- **Required work**: Leaving out the images, return the data below exactly as it is written.

(Saved data entries)
____________

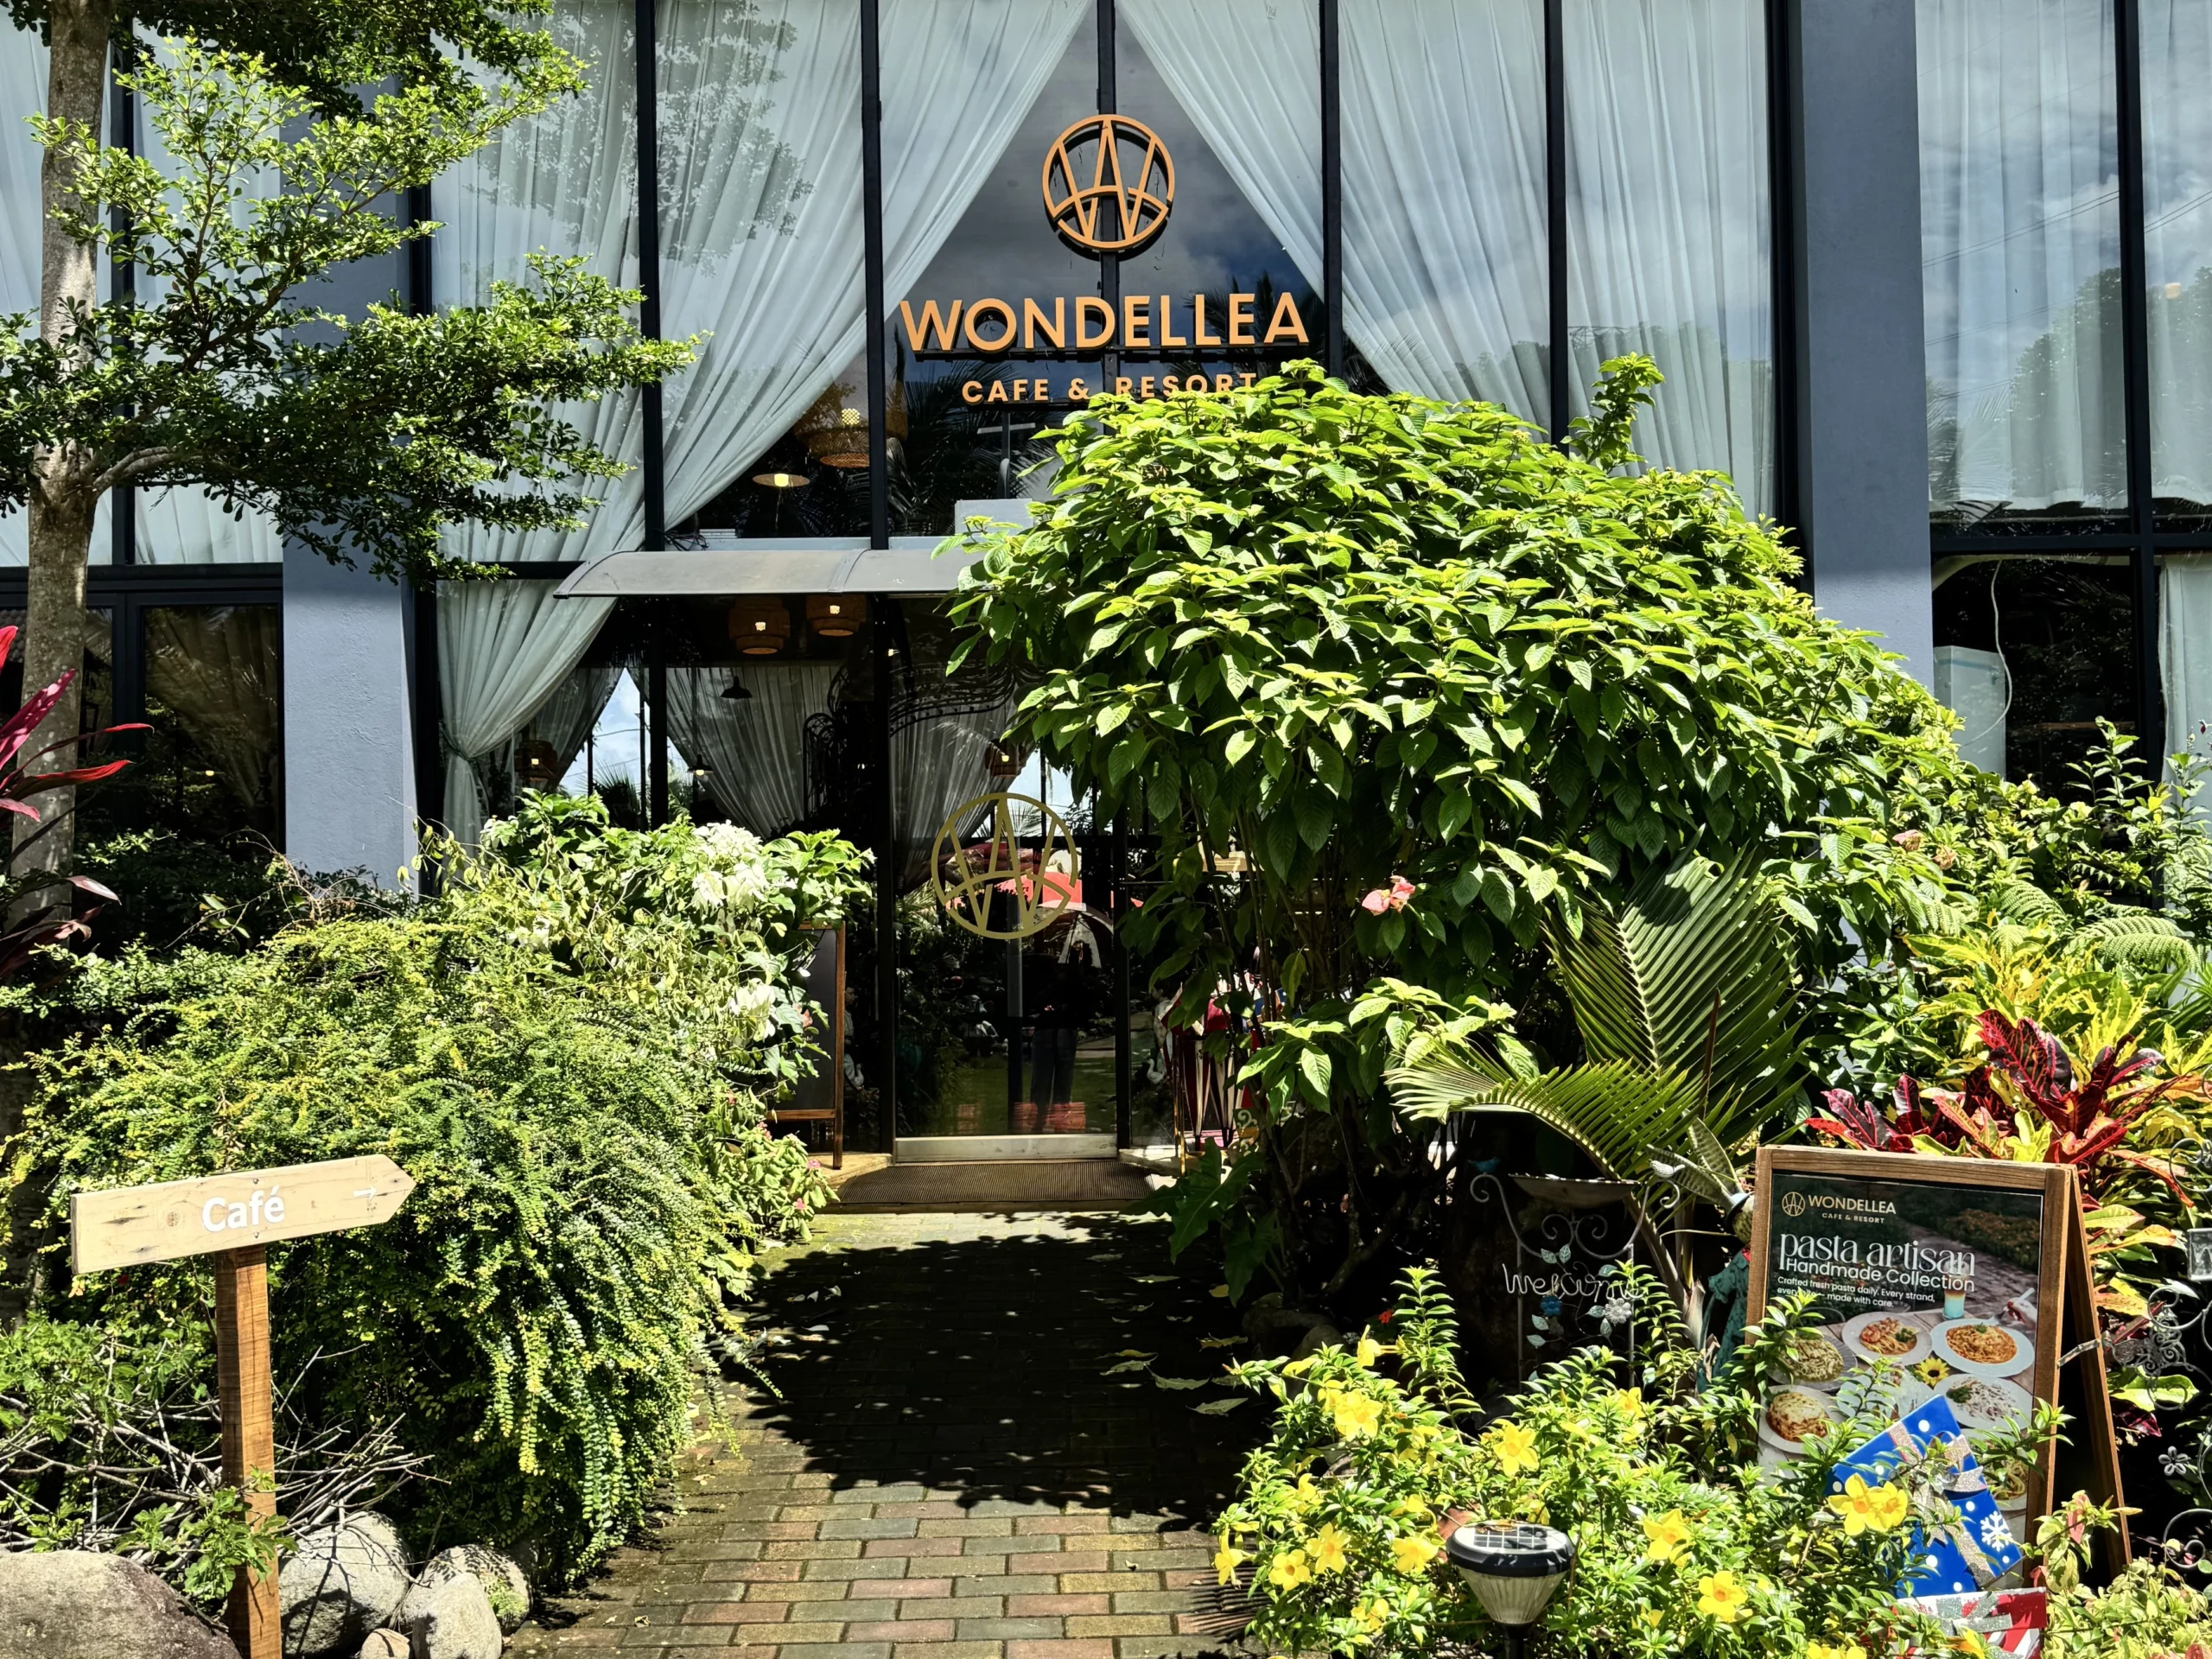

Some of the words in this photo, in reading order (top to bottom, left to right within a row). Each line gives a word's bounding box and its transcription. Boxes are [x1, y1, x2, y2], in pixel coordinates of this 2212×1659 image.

[900, 292, 1309, 351] WONDELLEA
[962, 378, 1048, 403] CAFE
[1068, 378, 1090, 401] &
[1116, 372, 1256, 398] RESORT
[201, 1185, 285, 1233] Café
[1808, 1194, 1897, 1215] WONDELLEA
[1853, 1215, 1885, 1224] RESORT
[1779, 1233, 1858, 1270] pasta
[1866, 1240, 1975, 1277] artisan
[1777, 1275, 1808, 1287] Crafted
[1810, 1279, 1830, 1289] fresh
[1831, 1282, 1856, 1293] pasta
[1857, 1286, 1879, 1297] daily.
[1881, 1287, 1904, 1300] Every
[1905, 1292, 1936, 1303] strand,
[1786, 1257, 1882, 1281] Handmade
[1886, 1268, 1975, 1293] Collection
[1827, 1293, 1852, 1302] made
[1853, 1296, 1871, 1306] with
[1872, 1299, 1894, 1308] care.
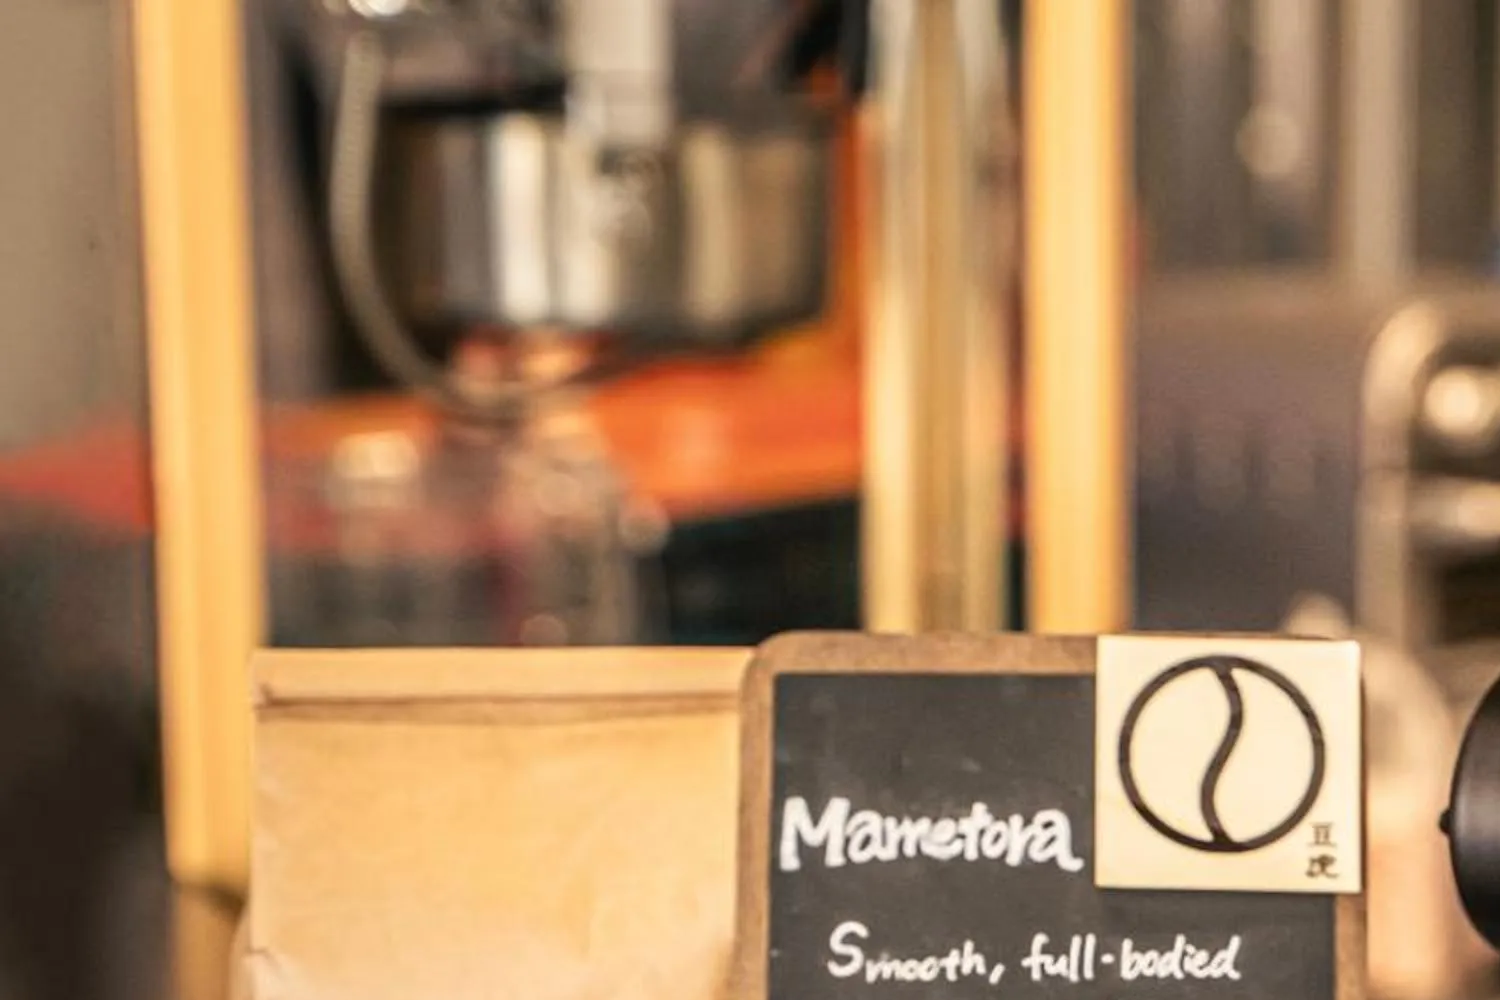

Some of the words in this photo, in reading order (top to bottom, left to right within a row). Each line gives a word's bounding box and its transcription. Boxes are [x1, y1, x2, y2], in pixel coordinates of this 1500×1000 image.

____________

- **Exercise output**:
Some of the words in this photo, in reading order (top to bottom, left to right within a row). Each line gives a word's bounding box and its transcription. Boxes are [x1, y1, x2, y2], in pixel coordinates of this 2212×1659 image.

[900, 292, 1309, 351] WONDELLEA
[962, 378, 1048, 403] CAFE
[1068, 378, 1090, 401] &
[1116, 372, 1256, 398] RESORT
[201, 1185, 285, 1233] Café
[1808, 1194, 1897, 1215] WONDELLEA
[1853, 1215, 1885, 1224] RESORT
[1779, 1233, 1858, 1270] pasta
[1866, 1240, 1975, 1277] artisan
[1777, 1275, 1808, 1287] Crafted
[1810, 1279, 1830, 1289] fresh
[1831, 1282, 1856, 1293] pasta
[1857, 1286, 1879, 1297] daily.
[1881, 1287, 1904, 1300] Every
[1905, 1292, 1936, 1303] strand,
[1786, 1257, 1882, 1281] Handmade
[1886, 1268, 1975, 1293] Collection
[1827, 1293, 1852, 1302] made
[1853, 1296, 1871, 1306] with
[1872, 1299, 1894, 1308] care.

Some of the words in this photo, in reading order (top to bottom, left to right within a row). Each line gives a word's bounding box and its transcription. Boxes are [x1, y1, x2, y2], in pixel coordinates of this 1500×1000 image.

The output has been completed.